Every time I say I'm gonna be at one of these shows, I bail at the last minute. So I'll just say that I'd really like to go to this one but make no promises.


----------



## stereo_luver (Oct 30, 2007)

Kevin K said:


> I'm sure we can help out with the little one. Bring toys!


Steve has a TV in the waiting area. Erin bring DVD's...LOL

Chuck


----------



## ErinH (Feb 14, 2007)

bump!


----------



## Thumper26 (Sep 23, 2005)

Aaron, I will be at your house at 6am to either wake you up or hassle you into coming.


----------



## MacLeod (Aug 16, 2009)

Ah dammit! I just realized this was a Sunday show. Thats probably gonna mean I aint going. Wasnt really looking forward to the 3.5 hour drive but wouldnt have been so bad if it was on Saturday. Plus, its the start of football season!


----------



## audioxincsq (Oct 23, 2009)

Come on !


----------



## stereo_luver (Oct 30, 2007)

MacLeod said:


> Ah dammit! I just realized this was a Sunday show. Thats probably gonna mean I aint going. Wasnt really looking forward to the 3.5 hour drive but wouldnt have been so bad if it was on Saturday. Plus, its the start of football season!


Football started last week. There is a thing called a radio to listen to the games. Steve has a TV in the waiting area. 3.5 hours is a commute in ATL. How many shows are on a Saturday? I mean really! I need 17 more excuses before I give you back your man card.

Chuck


----------



## MacLeod (Aug 16, 2009)

stereo_luver said:


> Football started last week.


Amateurs. Doesn't count. 



> There is a thing called a radio to listen to the games.


There's a thing called a TV and you can actually WATCH the game. 



> 3.5 hours is a commute in ATL.


I spend 9-10 hours a day driving. 7 hour drives on my day off aren't as much fun as they used to be. 2.5 hours to Nashville is about all I can handle anymore. 



> How many shows are on a Saturday?


Used to be a bunch. If I'm gonna get back home at 11:30 PM, I'd rather it not be when I have to get up 5.5 hours later and go lug around 200 pound kegs all day. 
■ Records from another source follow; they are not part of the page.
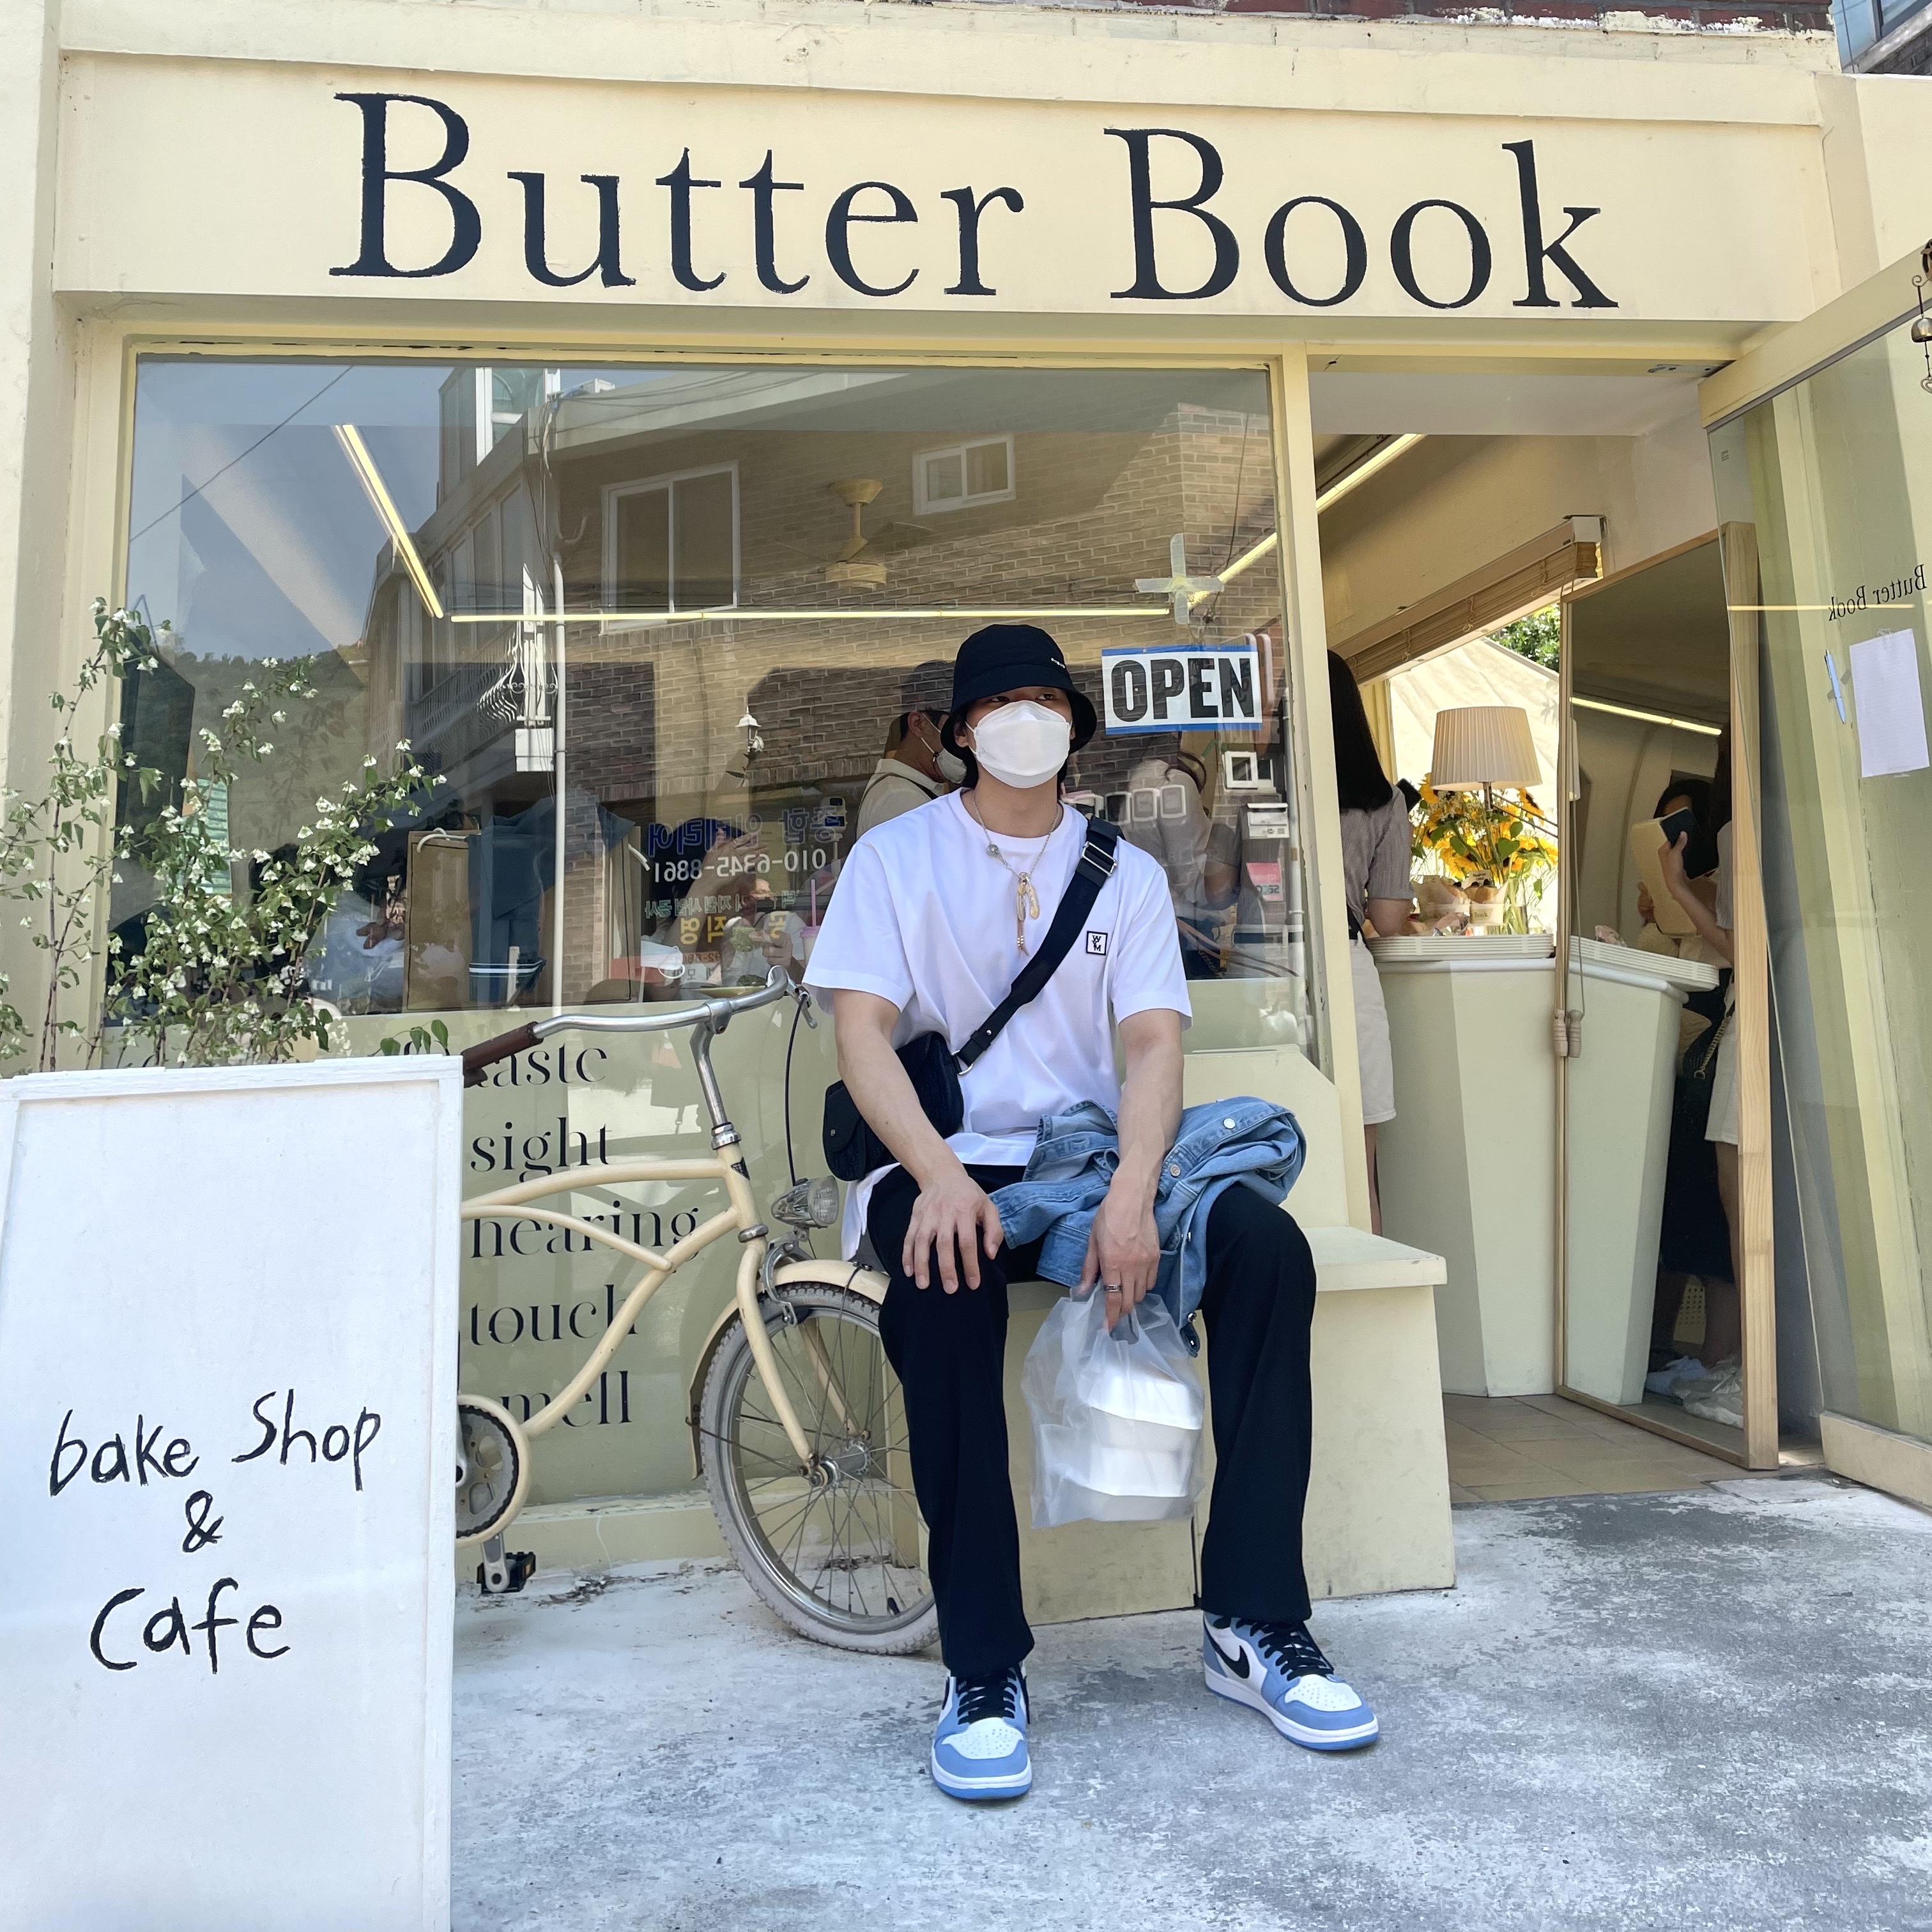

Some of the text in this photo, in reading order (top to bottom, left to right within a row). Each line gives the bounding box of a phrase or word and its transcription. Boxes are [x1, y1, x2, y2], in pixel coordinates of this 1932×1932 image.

[329, 93, 1619, 309] Butter Book
[1111, 658, 1254, 722] OPEN
[477, 1043, 607, 1088] aste
[470, 1117, 610, 1183] sight
[470, 1284, 638, 1346] touch
[50, 1409, 199, 1496] bake
[182, 1491, 224, 1552] &
[90, 1577, 291, 1675] Cafe
> I mean really! I need 17 more excuses before I give you back your man card.


I've been married for 10 years and spend my evenings watching Word Girl and Curious George with my little boy. I lost my man card a long time ago.


----------



## audioxincsq (Oct 23, 2009)

Where were you ! Chuck!!


----------



## ErinH (Feb 14, 2007)

thanks for hosting this one, Steve!


----------



## stereo_luver (Oct 30, 2007)

audioxincsq said:


> Where were you ! Chuck!!


I left the NC gtg headed to your show and hit an 18 wheeler tire and rim on I-85 south of Charlotte, NC. I barely limped home on a spare and the better of the 2 bent right side wheels. If for nothing else I wanted some time in front of your HU and processor to ready myself for when mine arrives.
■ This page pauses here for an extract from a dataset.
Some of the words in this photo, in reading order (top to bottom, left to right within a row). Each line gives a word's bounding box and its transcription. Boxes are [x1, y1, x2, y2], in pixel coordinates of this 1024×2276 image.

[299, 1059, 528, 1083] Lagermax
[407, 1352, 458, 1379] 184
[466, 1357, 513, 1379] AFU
Believe me when I say I had full intentions of being there. I have 23-25 people who knew I was headed your way.

Chuck


----------



## SilkySlim (Oct 24, 2012)

That sucks chuck glad to here your ok.


Sent from my iPad using Tapatalk


----------



## claydo (Oct 1, 2012)

I can vouch for chuck that he left NC with full intentions of coming to Alabama! He was on a mission. Oh, and where's the pics?


----------



## strakele (Mar 2, 2009)

How'd the SQ demo thing go? That sounds like a cool idea.


----------